Therapeutic Class
Antiretroviral Agent, Protease Inhibitor

Treatment of HIV-1 infections in combination with ritonavir and other antiretroviral agents.

Adult Doses

Treatment of HIV infection: Oral:

Therapy-naive: 800 mg once daily; coadministration with ritonavir 100 mg once daily is required. Note: Recommended (with ritonavir) as a first-line therapy with tenofovir/emtricitabine in antiretroviral naïve patients

Therapy-experienced: Note: If genotypic testing is not possible, 600 mg twice daily, coadministered with ritonavir 100 mg twice daily, is recommended.

With no resistance-associated substitutions: 800 mg once daily; coadministration with ritonavir 100 mg once daily is required

With ≥1 resistance-associated substitution: 600 mg twice daily; coadministration with ritonavir 100 mg twice daily is required

Pediatric Doses

Treatment of HIV infection: Oral: 

Children ≥6 years:

≥20 kg to <30 kg: 375 mg twice daily; coadministration with ritonavir 50 mg twice daily is required

≥30 kg to <40 kg: 450 mg twice daily; coadministration with ritonavir 60 mg twice daily is required

≥40 kg: 600 mg twice daily; coadministration with ritonavir 100 mg twice daily is required

Note: Do not use once-daily dosing in pediatric patients; maximum dose: 600 mg darunavir/100 mg ritonavir twice daily.

Doses in Renal impairment

No adjustment required for mild-to-moderate impairment.

Doses in Hepatic impairment

No adjustment for mild-to-moderate impairment (Child-Pugh classes A and B). Not recommended for patients with severe impairment


Coadministration with medications highly dependent upon CYP3A4 for clearance and for which increased levels are associated with serious and/or life-threatening events e.g. alfuzosin, cisapride, ergot alkaloids [eg, dihydroergotamine, ergonovine, ergotamine, methylergonovine], lovastatin, midazolam [oral], pimozide, rifampin, sildenafil (when used for pulmonary artery hypertension ) , simvastatin, St John's wort, triazolam.

Warnings / Precautions

Fat redistribution: May cause redistribution of fat (eg, buffalo hump, peripheral wasting with increased abdominal girth, cushingoid appearance).

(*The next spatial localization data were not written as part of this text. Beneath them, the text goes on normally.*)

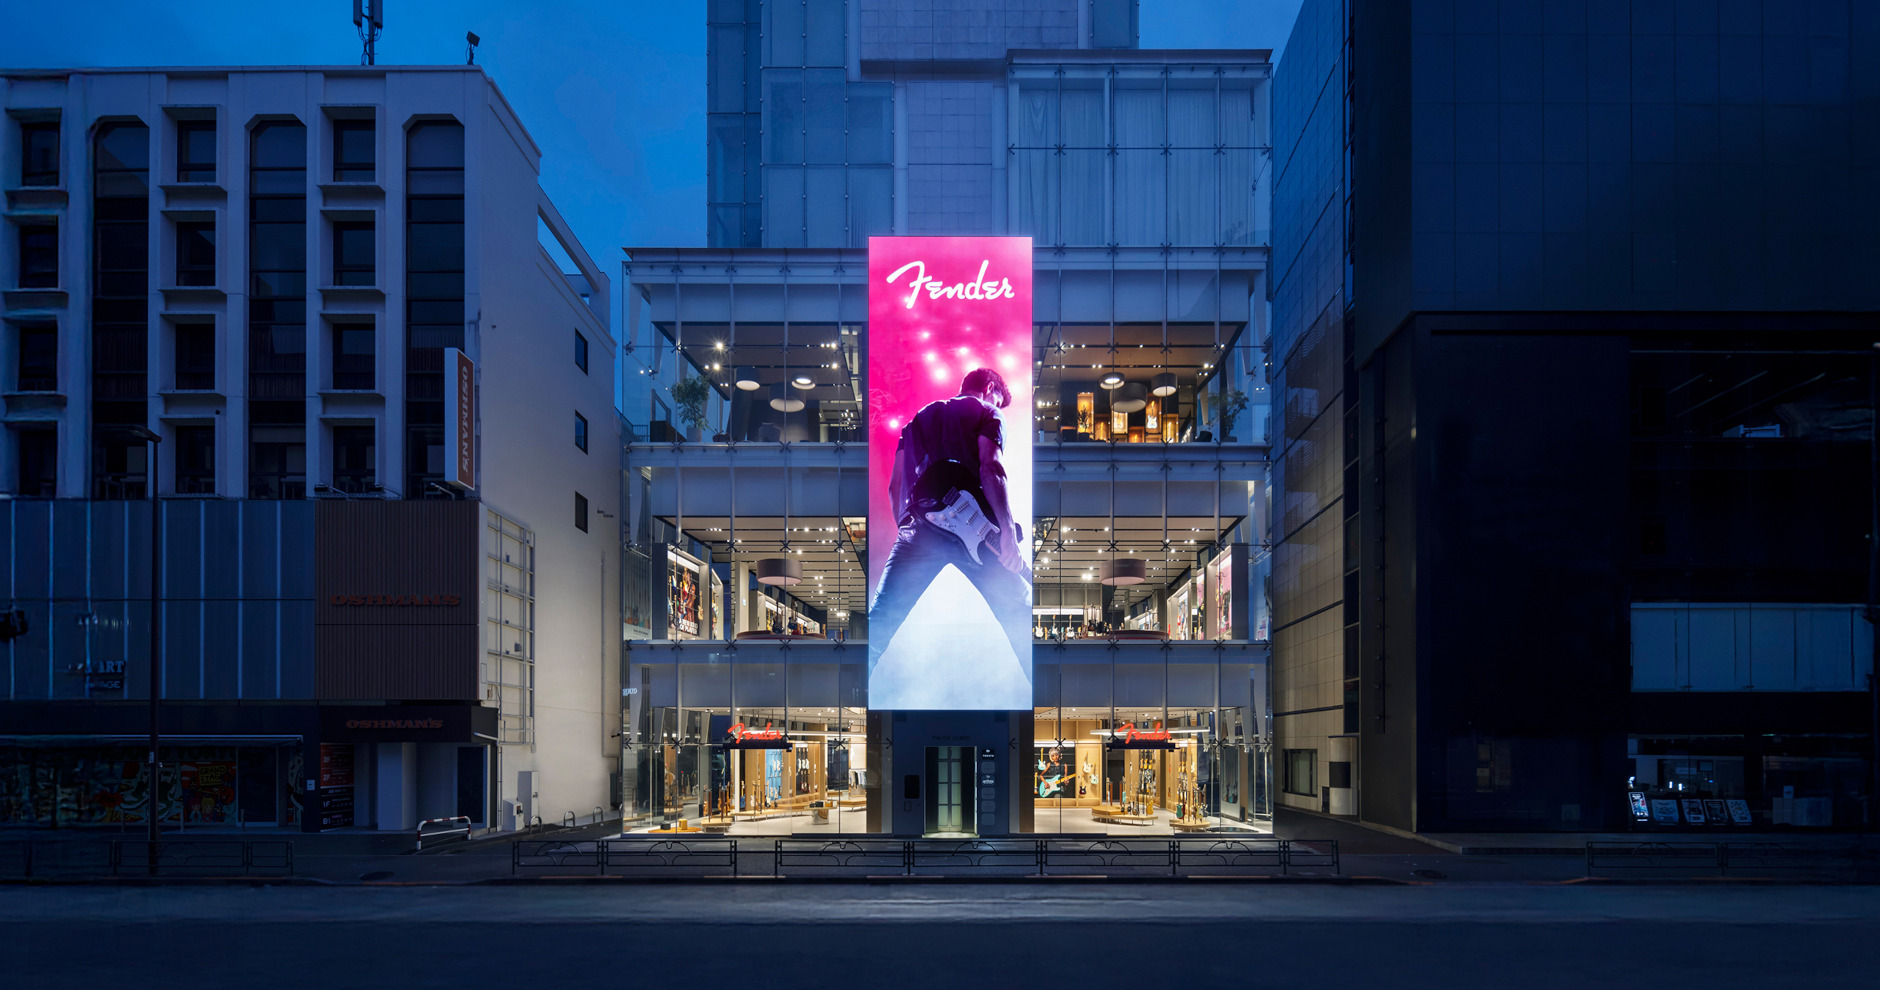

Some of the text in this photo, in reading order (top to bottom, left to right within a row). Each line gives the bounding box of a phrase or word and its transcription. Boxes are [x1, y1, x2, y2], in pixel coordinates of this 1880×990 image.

[886, 259, 1015, 309] Fender
[461, 365, 470, 473] OSHMAN'S
[330, 593, 461, 607] OSHMAN'S
[346, 717, 443, 729] OSHMAN'S
[727, 722, 782, 744] Fender
[1117, 722, 1172, 744] Fender
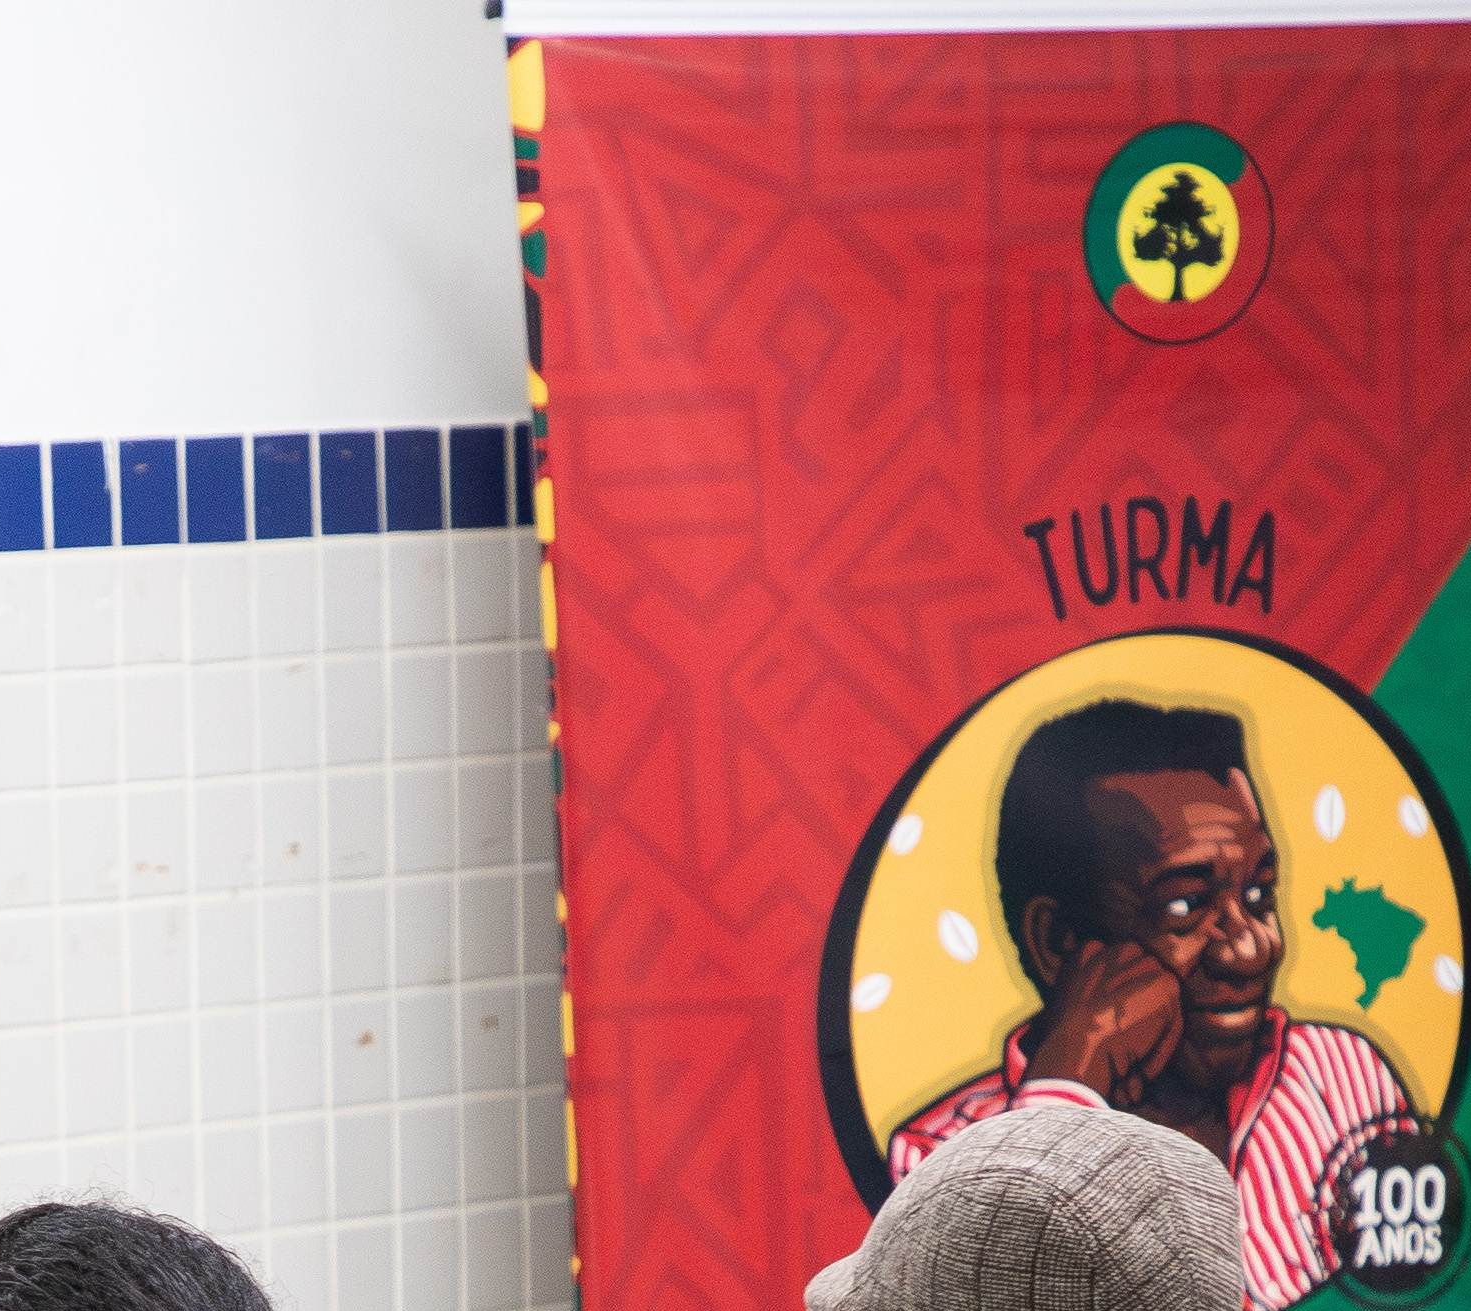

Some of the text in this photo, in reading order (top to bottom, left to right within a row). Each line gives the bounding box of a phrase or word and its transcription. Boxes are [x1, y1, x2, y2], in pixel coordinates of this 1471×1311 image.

Hepatotoxicity: Infrequent cases of drug-induced hepatitis (including acute and cytolytic) have been reported. May exacerbate pre-existing hepatic dysfunction.

Hypersensitivity reactions:

Immune reconstitution syndrome: Patients may develop immune reconstitution syndrome resulting in the occurrence of an inflammatory response to an indolent or residual opportunistic infection; further evaluation and treatment may be required.

Increased cholesterol: Increases in total cholesterol and triglycerides have been reported;

Pancreatitis: use caution in patients at risk for pancreatitis including those with elevated triglycerides, advanced HIV disease, or history of pancreatitis.

Sulfonamide allergy: contains sulfa moiety

Diabetes: Changes in glucose tolerance, hyperglycemia, exacerbation of diabetes, DKA, and new-onset diabetes mellitus have been reported in patients receiving protease inhibitors.

Hemophilia A or B: increased bleeding during protease inhibitor therapy

Colchicine: Do not coadminister in patients with renal or hepatic impairment.

High potential for interactions: Use with caution in patients taking strong CYP3A4 inhibitors, moderate or strong CYP3A4 inducers and major CYP3A4 substrates ;

Salmeterol: Concomitant use not recommended due to increased risk of cardiovascular adverse events, including QTc prolongation.

Adverse Reactions

As a class, protease inhibitors potentially cause dyslipidemias which includes elevated cholesterol and triglycerides and a redistribution of body fat centrally to cause increased abdominal girth, buffalo hump, facial atrophy, and breast enlargement. These agents also cause hyperglycemia.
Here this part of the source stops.